Of course not, say others. Most of the world already operates perfectly well on WTO terms, and the UK will still have access to the EU market. A no-deal Brexit presents a huge opportunity for Britain. Free to make its own rules, the UK could become a trading hub like Singapore or Hong Kong. With the right plans in place, Britain could not only cope with no deal, but thrive.

You Decide

  1. Is it better to be an optimist, a pessimist or somewhere in between?
  2. If politicians cannot agree on a deal, should they leave it to business leaders to try to find a solution?


  1. Make a poster to help people prepare for how their life might change if the UK and EU do not reach a trade deal.
  2. Was Brexit a good decision for Britain? What about for the EU? Conduct your own referendum by holding a class vote on these issues.

Some People Say...

“Of course Brexit means that something is wrong in Europe. But Brexit means also that something was wrong in Britain.”
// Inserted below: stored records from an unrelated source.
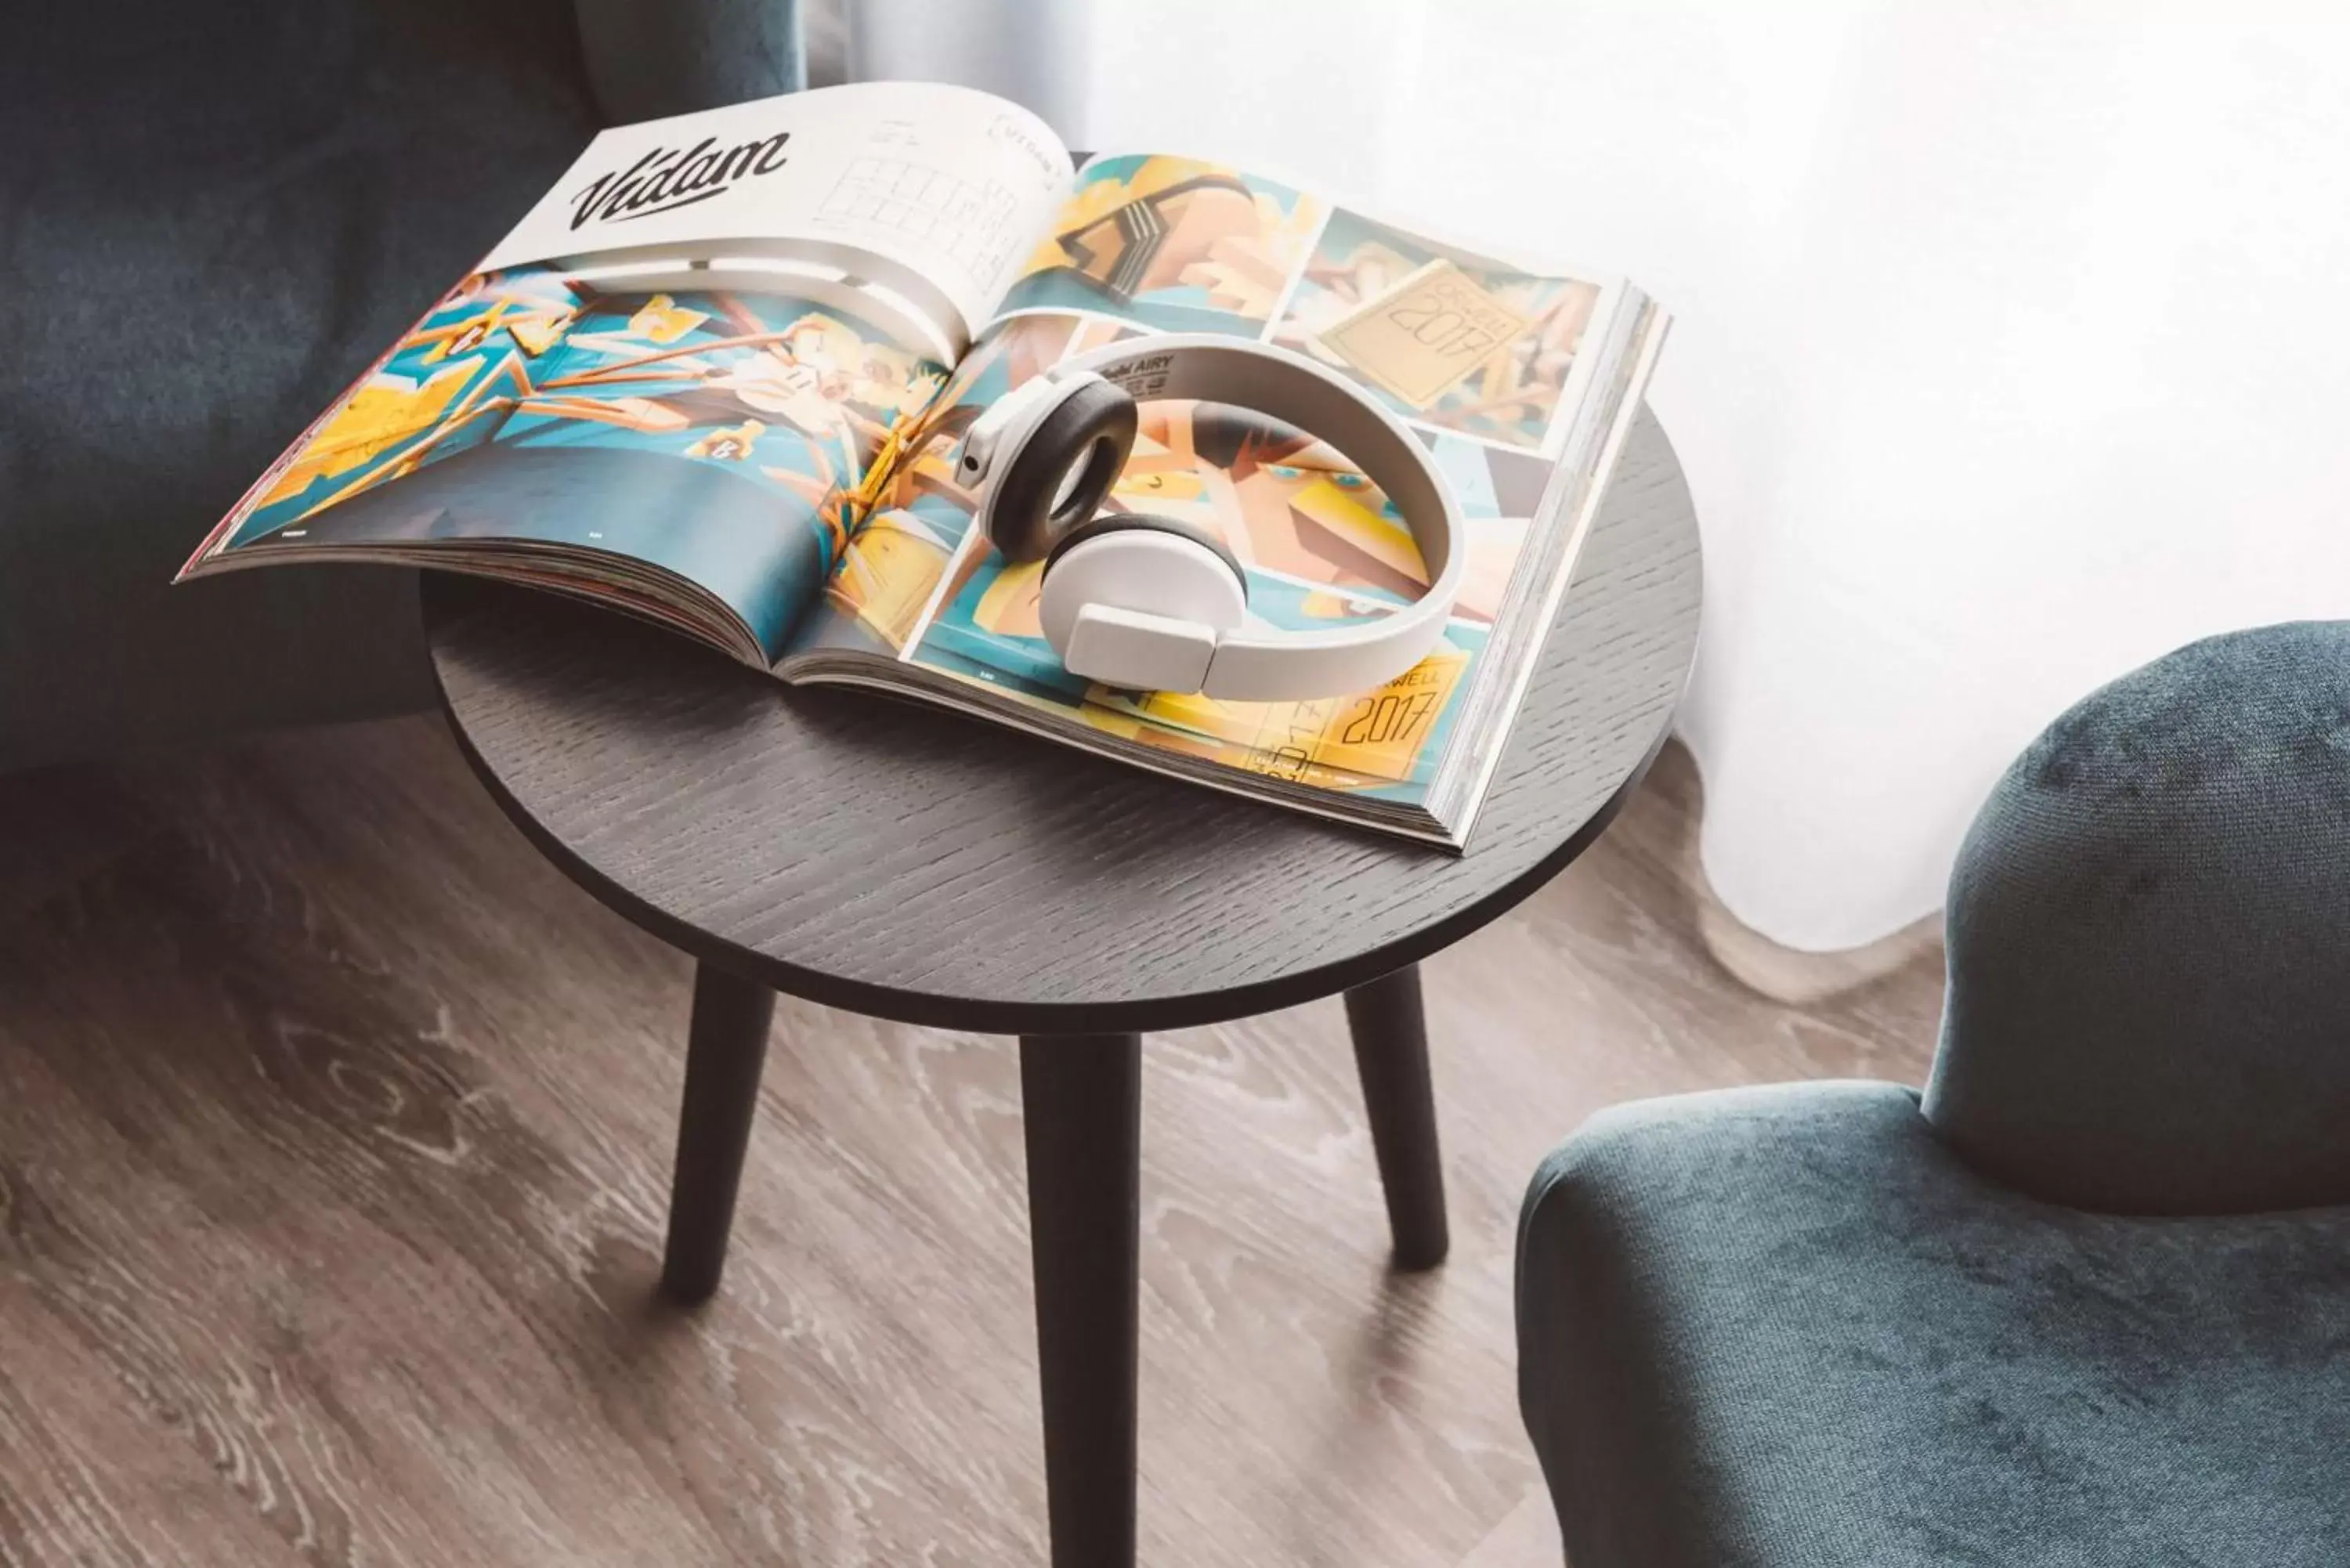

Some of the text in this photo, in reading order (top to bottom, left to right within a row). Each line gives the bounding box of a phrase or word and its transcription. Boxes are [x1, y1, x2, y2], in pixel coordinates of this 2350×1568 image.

[1387, 293, 1495, 356] 2017
[1133, 354, 1175, 374] AIRY
[1342, 692, 1437, 744] 2017
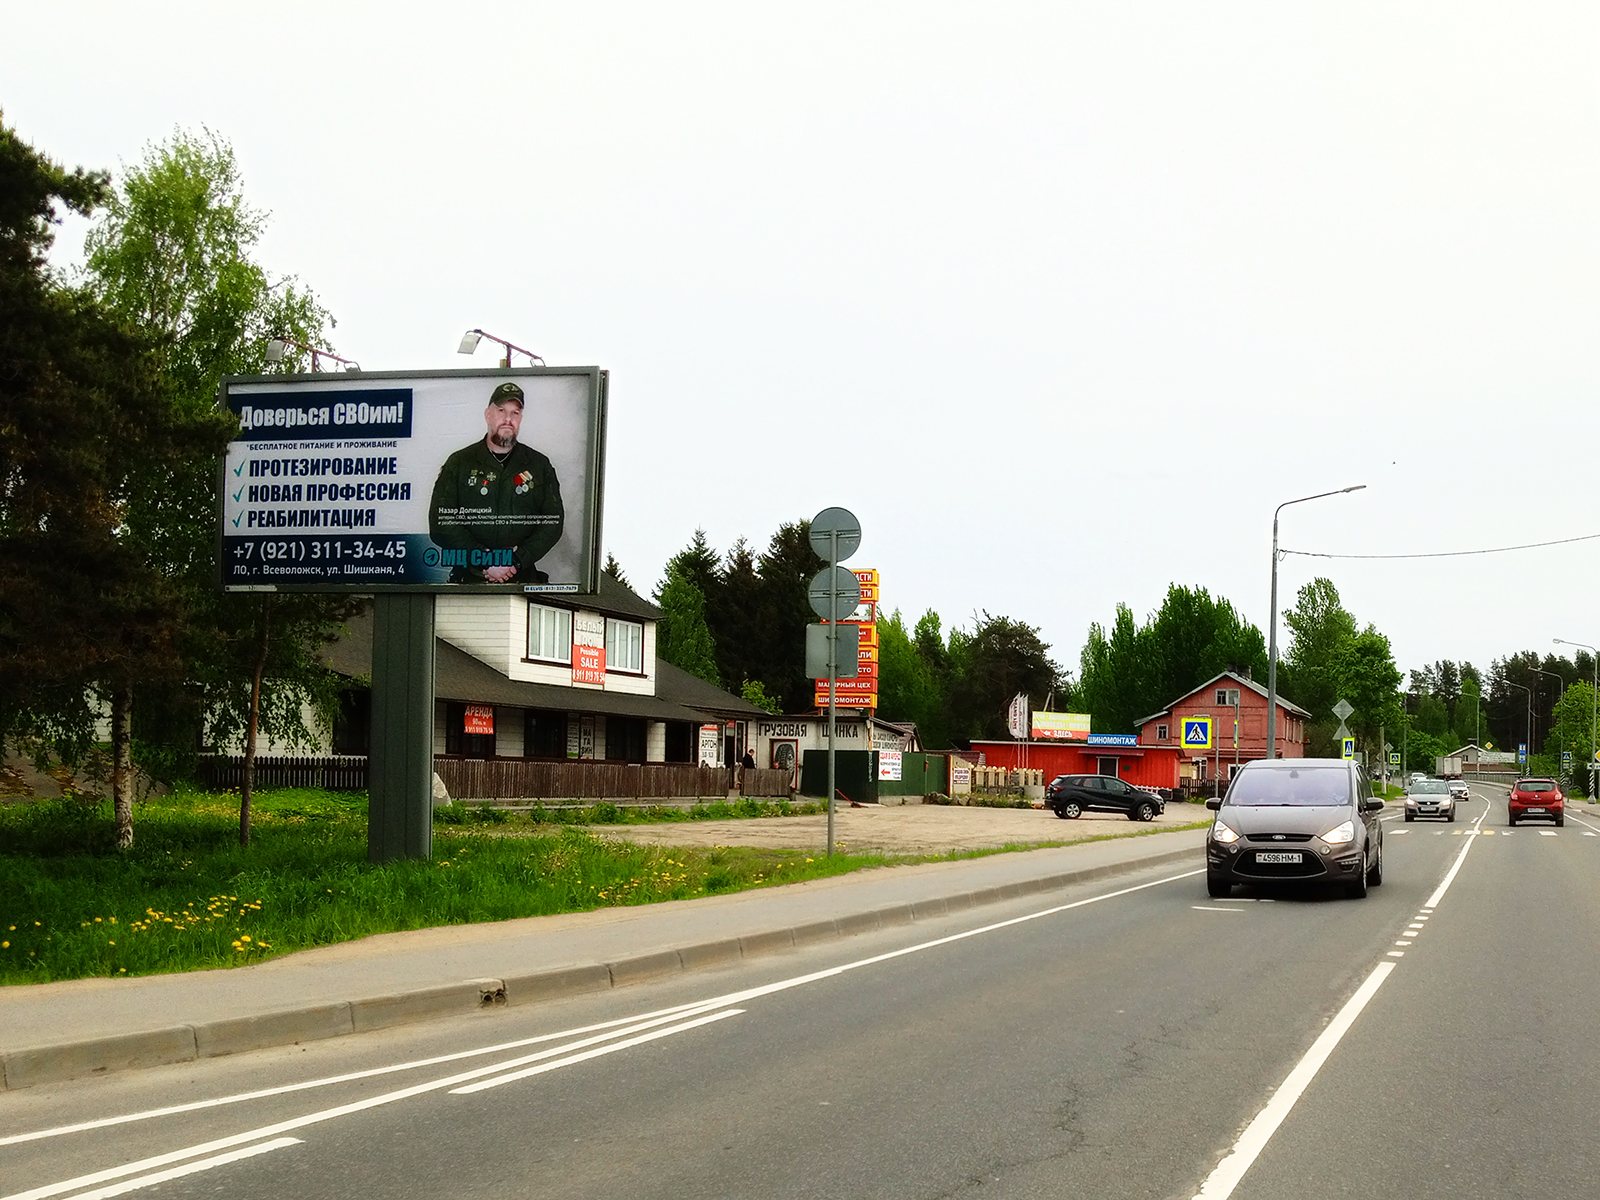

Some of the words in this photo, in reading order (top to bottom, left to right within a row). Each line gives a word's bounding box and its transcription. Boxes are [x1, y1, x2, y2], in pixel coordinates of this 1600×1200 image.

[239, 406, 329, 430] Доверься
[333, 402, 403, 425] СВОим!
[343, 441, 397, 449] ПРОЖИВАНИЕ
[249, 457, 397, 477] ПРОТЕЗИРОВАНИЕ
[248, 484, 302, 502] НОВАЯ
[306, 483, 411, 501] ПРОФЕССИЯ
[438, 507, 458, 515] Назар
[247, 509, 376, 529] РЕАБИЛИТАЦИЯ
[233, 542, 255, 559] +7
[260, 541, 306, 562] (921)
[311, 541, 406, 561] 311-34-45
[442, 549, 466, 568] МЦ
[233, 565, 250, 576] ЛО,
[252, 566, 261, 575] г.
[262, 564, 324, 576] Всеволожск,
[326, 567, 340, 576] ул.
[343, 564, 396, 575] Шишканя,
[398, 564, 404, 574] 4
[580, 657, 599, 669] SALE
[465, 706, 493, 719] АРЕНДА
[758, 723, 807, 738] ГРУЗОВАЯ
[1088, 736, 1136, 745] ШИНОМОНТАЖ
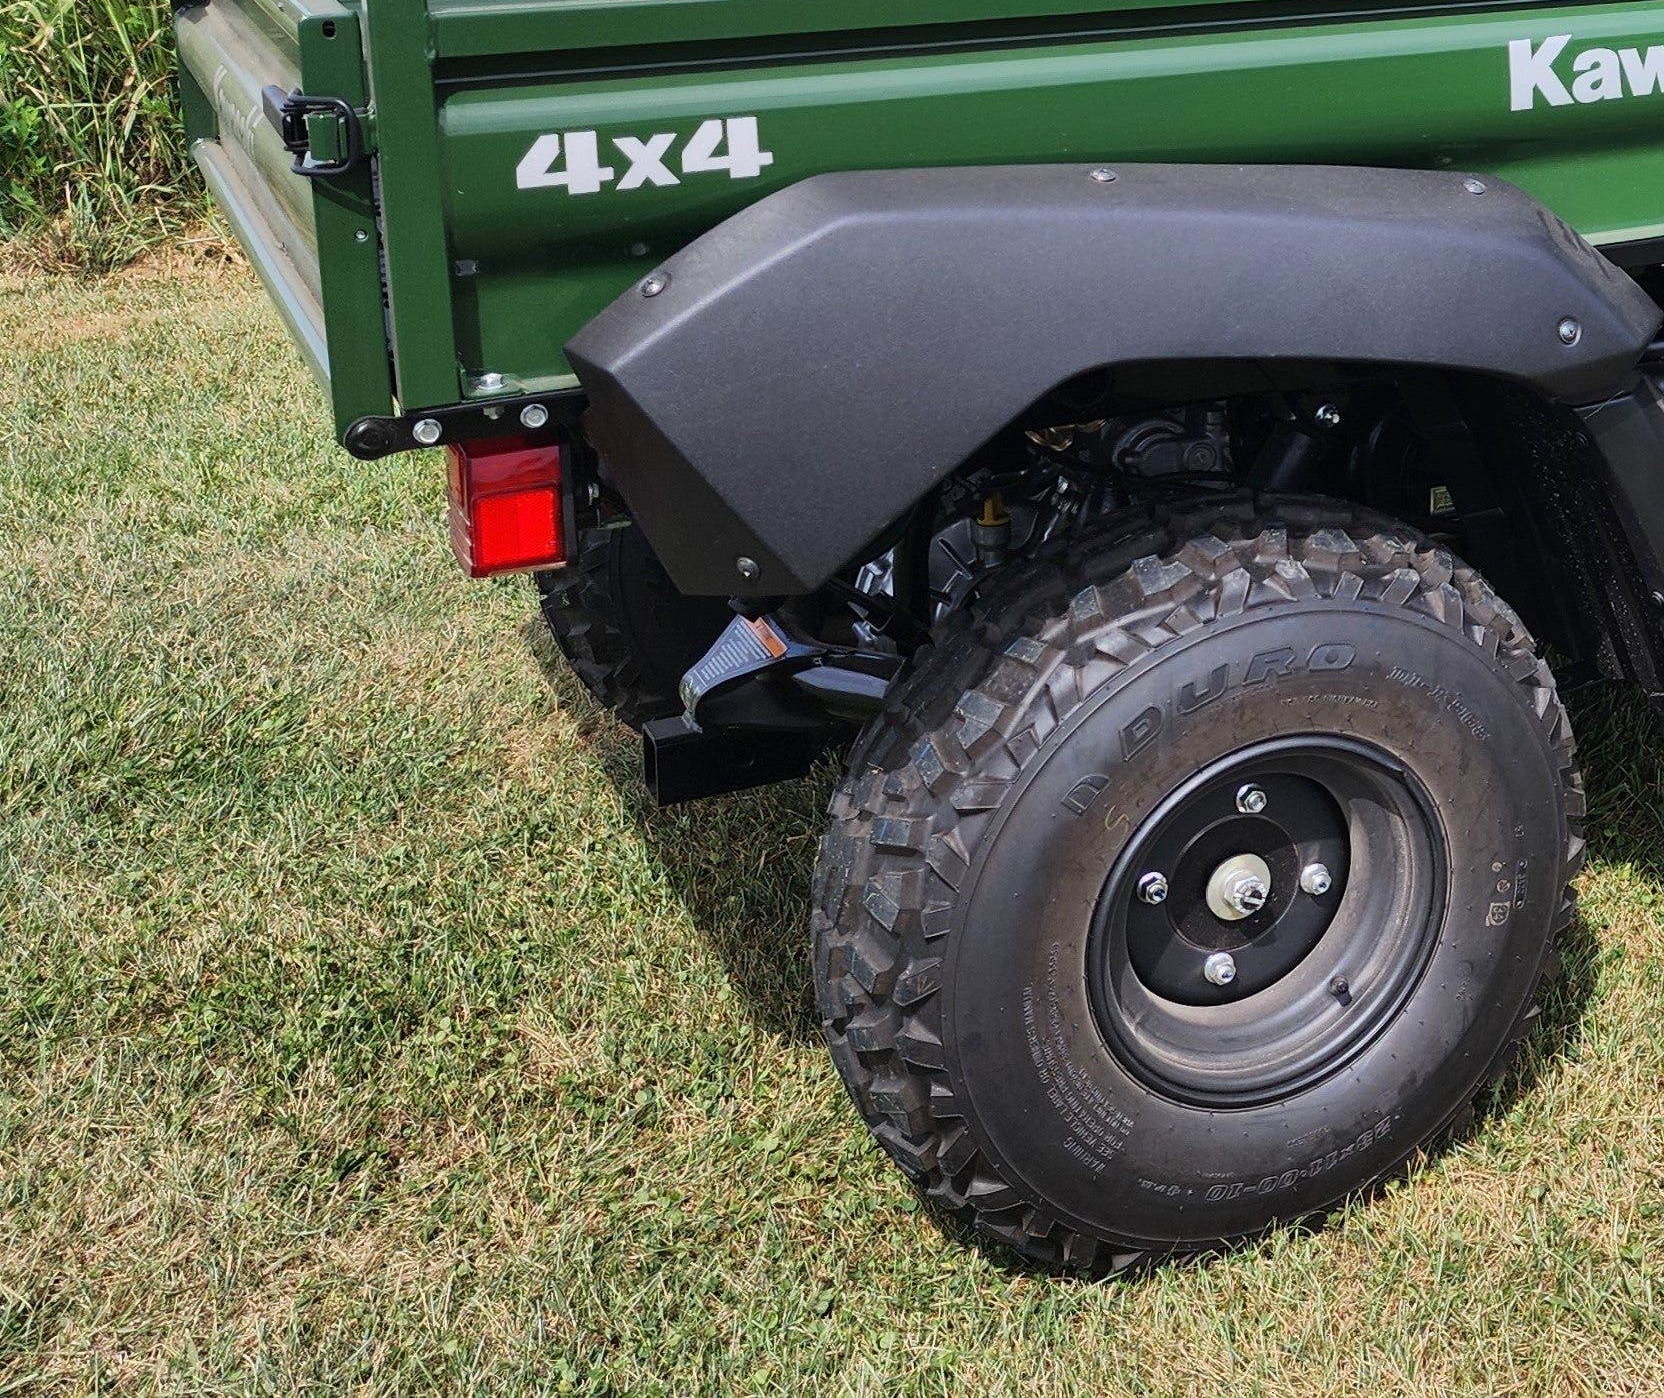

Jean-Claude Juncker (1954 - ), Luxembourg politician and former President of the European Commission

What do you think?

Q & A

What do we know?
It is generally agreed that there are several key areas of dispute between EU and UK leaders, including business competition rules, fishing rights for EU fleets in UK waters and whether or not the European Court of Justice should settle future trade disputes. Last Wednesday, Boris Johnson and European commission president Ursula von der Leyen met in person over a three-hour scallop dinner, but even they failed to break the deadlock.
What do we not know?
One main area of debate surrounds whether an “Australia style” deal would be a good or a bad thing for the UK. Last week, Boris Johnson warned his Cabinet to “get on and make preparations” for a departure on terms like Australia, which does not have a trade deal with the EU. But former Australian PM Malcolm Turnbull has warned Johnson to “be careful what you wish for,” and some have pointed out that Australia is currently trying to negotiate a trade deal with the EU.

Word Watch

Big Ben
A nickname for the clock tower at the UK’s Houses of Parliament. The bell is currently undergoing restoration, so a recording was used to mark the departure.
World Trade Organisation. Under WTO rules, the UK government could not set different tariffs for different countries unless they had a formal trade agreement.
A form of tax on imports. Each product will have a different tariff - for some EU dairy products, such as French cheese, tariffs in the UK will be more than 30%.
Many banks which operate in the UK have set up offices in EU countries so they can keep providing services for EU customers while abiding by WTO rules.
French fishermen
At the moment, French fishing boats catch 30% of their fish in UK waters.
The UK government is hoping to avoid traffic chaos by building a large lorry park in Kent near the port of Dover.
New rules
If the UK becomes “unlisted” under the EU Pet Travel Scheme, all pets will need to be microchipped to enter Europe. Dogs, cats and ferrets will need to be vaccinated against rabies, have a blood sample checked by an approved vet three months in advance and obtain an animal health certificate.
Lights going out
In 2018, 3% of Britain’s electricity and 74% of gas was imported from Europe. Total failure is unlikely, but electricity and gas companies have been asked by the UK government to make contingency plans.